Reproduce, exactly and in full, the records that follow, minus any pictures.

== Segment start ==

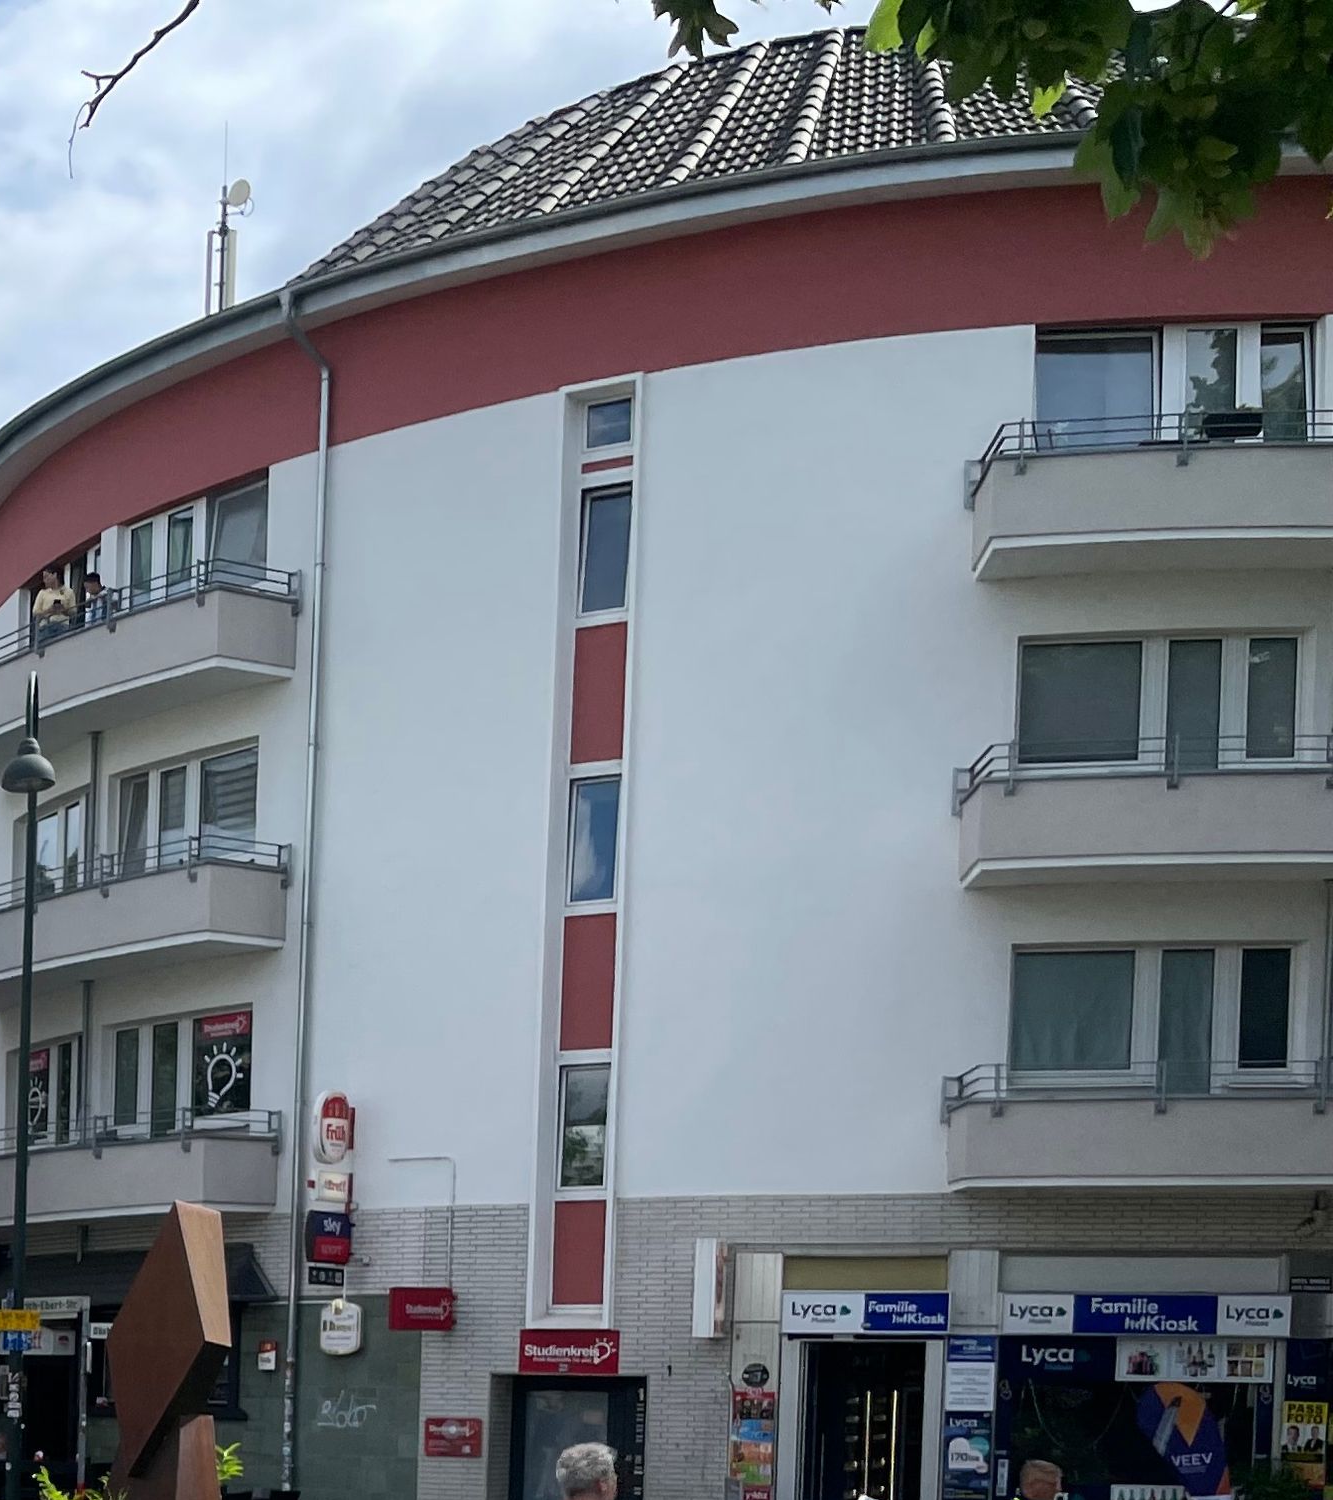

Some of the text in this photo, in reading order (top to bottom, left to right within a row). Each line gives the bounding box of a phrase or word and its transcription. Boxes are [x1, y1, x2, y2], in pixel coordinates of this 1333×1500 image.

[323, 1218, 342, 1236] sky
[791, 1301, 837, 1318] Lyca
[868, 1300, 918, 1313] Familie
[1091, 1297, 1159, 1314] Familie
[1009, 1304, 1054, 1324] Lyca
[1225, 1304, 1270, 1324] Lyca
[524, 1344, 599, 1357] Studienkreis
[1021, 1344, 1074, 1365] Lyca
[1287, 1373, 1317, 1387] Lyca
[1287, 1404, 1324, 1414] PASS
[949, 1418, 978, 1428] Lyca
[1287, 1413, 1324, 1424] FOTO
[1171, 1452, 1213, 1467] VEEV
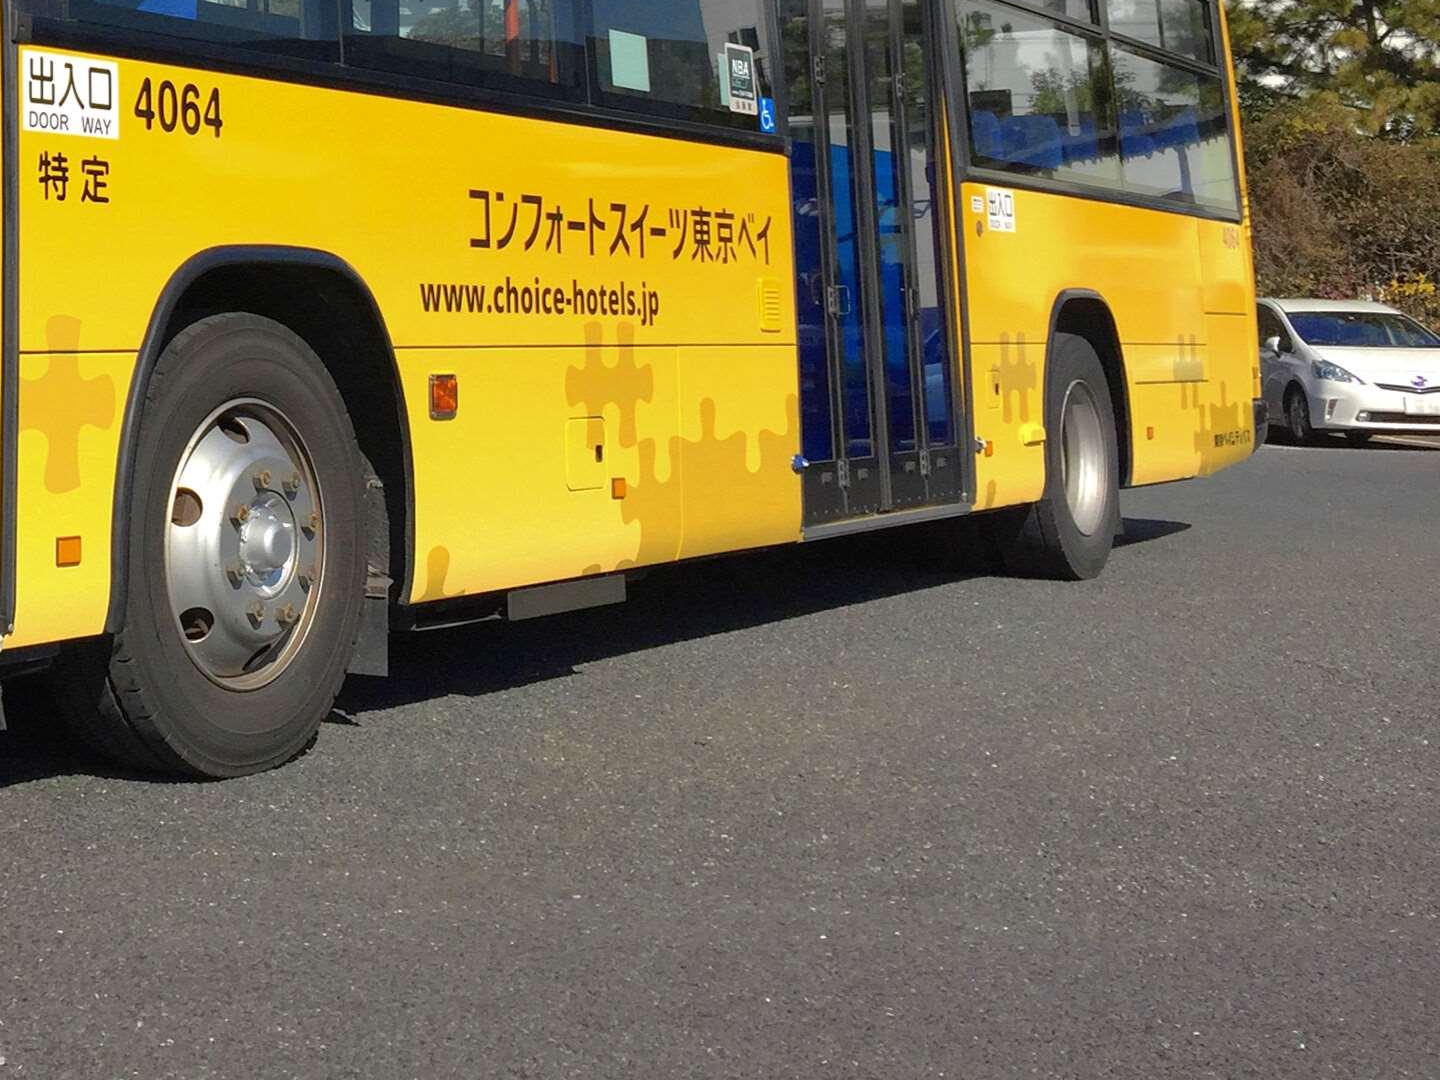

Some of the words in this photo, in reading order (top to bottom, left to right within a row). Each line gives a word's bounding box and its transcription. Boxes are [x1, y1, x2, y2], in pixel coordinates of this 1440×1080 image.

[29, 57, 112, 110] 出入口
[134, 77, 223, 138] 4064
[29, 111, 69, 130] DOOR
[81, 116, 111, 135] WAY
[38, 151, 110, 203] 特定
[468, 189, 772, 265] コンフォートスイーツ東京ベイ
[420, 276, 659, 326] www.choice-hotels.jp

== Segment end ==

• **ANSWER BOX**:
Some of the text in this photo, in reading order (top to bottom, left to right within a row). Each line gives the bounding box of a phrase or word and its transcription. Boxes are [x1, y1, x2, y2], in pixel coordinates of this 1333×1500 image.

[323, 1218, 342, 1236] sky
[791, 1301, 837, 1318] Lyca
[868, 1300, 918, 1313] Familie
[1091, 1297, 1159, 1314] Familie
[1009, 1304, 1054, 1324] Lyca
[1225, 1304, 1270, 1324] Lyca
[524, 1344, 599, 1357] Studienkreis
[1021, 1344, 1074, 1365] Lyca
[1287, 1373, 1317, 1387] Lyca
[1287, 1404, 1324, 1414] PASS
[949, 1418, 978, 1428] Lyca
[1287, 1413, 1324, 1424] FOTO
[1171, 1452, 1213, 1467] VEEV

Some of the words in this photo, in reading order (top to bottom, left to right within a row). Each line gives a word's bounding box and its transcription. Boxes are [x1, y1, x2, y2], in pixel coordinates of this 1440×1080 image.

[29, 57, 112, 110] 出入口
[134, 77, 223, 138] 4064
[29, 111, 69, 130] DOOR
[81, 116, 111, 135] WAY
[38, 151, 110, 203] 特定
[468, 189, 772, 265] コンフォートスイーツ東京ベイ
[420, 276, 659, 326] www.choice-hotels.jp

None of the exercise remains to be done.